> _PROBLEM REQUIREMENTS_
When you restate the records, do so word for word and omit any picture they contain.

> _MATERIAL TO PROCESS_

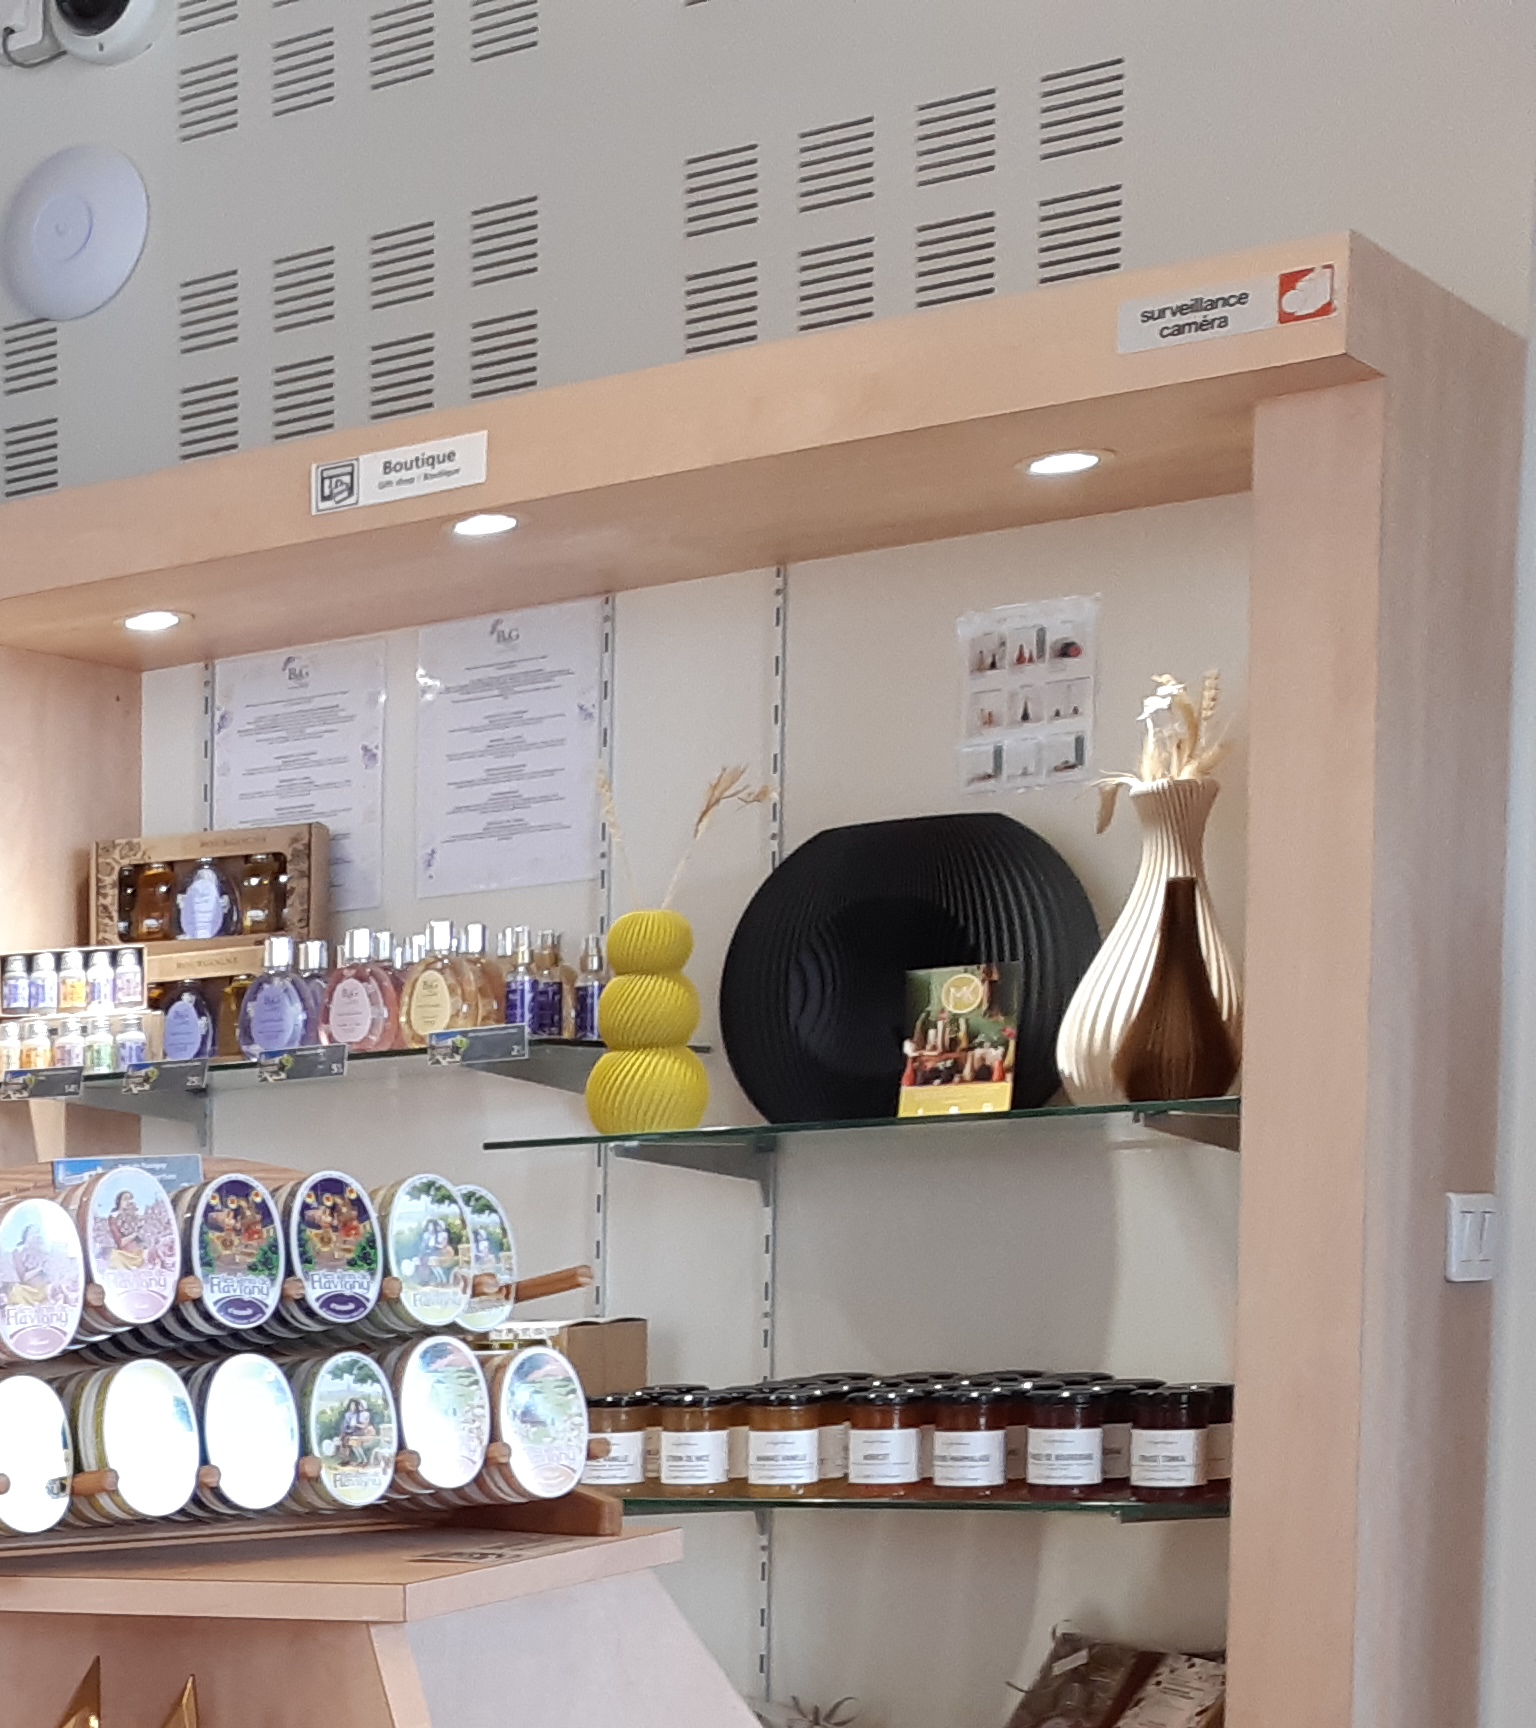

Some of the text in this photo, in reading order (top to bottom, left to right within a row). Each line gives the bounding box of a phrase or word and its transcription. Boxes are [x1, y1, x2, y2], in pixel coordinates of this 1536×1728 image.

[1140, 291, 1250, 323] surveillance
[1158, 315, 1229, 339] caméra
[382, 450, 457, 476] Boutique
[209, 1277, 271, 1297] Flavigny
[309, 1275, 371, 1294] Flavigny

> _SOLUTION TO THIS PROBLEM_
Some of the text in this photo, in reading order (top to bottom, left to right within a row). Each line gives the bounding box of a phrase or word and its transcription. Boxes are [x1, y1, x2, y2], in pixel coordinates of this 1536×1728 image.

[1140, 291, 1250, 323] surveillance
[1158, 315, 1229, 339] caméra
[382, 450, 457, 476] Boutique
[209, 1277, 271, 1297] Flavigny
[309, 1275, 371, 1294] Flavigny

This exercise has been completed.